Denialism was ignorant and unscientific, but it was harmless. It was in fact a remnant of the old, weird America for which people of my generation feel a romantic affection.

Denialism was very American. I suppose we had Denialists in England fifty years ago, but they made no noise; nobody paid them any attention. It was one of those quirky American things, like high school proms or affixing "Jr." to your name or eating peanut butter with jam.

If, as is probably the case, ignorant and unscientific attitudes are bound to be widespread in any society, better they should be of the harmless kind like Denialism, than that they should be of the persecuting, anti-human, totalitarian kind like the Cultural Marxist ideology now dominant in the West.

Denialism was nutty and wrong, but in a civilized way, a very American way. Now we have a new style of superstitious ignorance, a style that is not civilized at all, nor especially American: a style that is barbarous, violent, cosmopolitan, and crazed with power.

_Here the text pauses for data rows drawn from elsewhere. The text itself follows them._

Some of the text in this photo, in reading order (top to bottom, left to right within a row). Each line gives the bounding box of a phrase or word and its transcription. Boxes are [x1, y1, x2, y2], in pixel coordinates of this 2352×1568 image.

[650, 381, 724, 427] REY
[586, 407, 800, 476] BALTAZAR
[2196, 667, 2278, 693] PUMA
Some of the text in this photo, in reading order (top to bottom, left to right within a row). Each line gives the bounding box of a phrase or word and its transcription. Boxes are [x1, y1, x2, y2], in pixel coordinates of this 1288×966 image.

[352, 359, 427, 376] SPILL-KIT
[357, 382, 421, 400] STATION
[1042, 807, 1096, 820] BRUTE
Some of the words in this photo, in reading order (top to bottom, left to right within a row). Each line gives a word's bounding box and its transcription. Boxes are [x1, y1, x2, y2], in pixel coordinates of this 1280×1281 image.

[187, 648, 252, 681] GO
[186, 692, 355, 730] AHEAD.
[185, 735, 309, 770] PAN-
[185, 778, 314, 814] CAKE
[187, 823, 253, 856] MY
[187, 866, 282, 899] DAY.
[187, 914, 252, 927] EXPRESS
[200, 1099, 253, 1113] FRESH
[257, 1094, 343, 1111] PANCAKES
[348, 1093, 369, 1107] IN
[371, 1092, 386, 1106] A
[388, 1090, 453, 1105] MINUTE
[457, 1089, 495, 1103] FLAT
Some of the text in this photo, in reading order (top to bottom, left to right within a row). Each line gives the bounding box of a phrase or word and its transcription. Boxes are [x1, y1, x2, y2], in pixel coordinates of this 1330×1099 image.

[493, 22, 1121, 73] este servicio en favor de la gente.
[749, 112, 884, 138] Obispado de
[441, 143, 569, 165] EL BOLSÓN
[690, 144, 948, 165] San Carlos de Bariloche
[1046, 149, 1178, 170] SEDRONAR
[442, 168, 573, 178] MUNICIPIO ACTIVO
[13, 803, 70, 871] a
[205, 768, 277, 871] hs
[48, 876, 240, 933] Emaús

I was never going to be a Denialist; but now that Denialism is fading, I miss it.

My very strong preference is that youngsters in our schools and colleges be taught true facts about nature, and about climate science. If that’s too much to ask, and we're going to teach the kids hogwash, I'd rather it was the harmless, nutty American hogwash of Denialism than the evil, poisonous, nation-breaking hogwash of Cultural Marxism.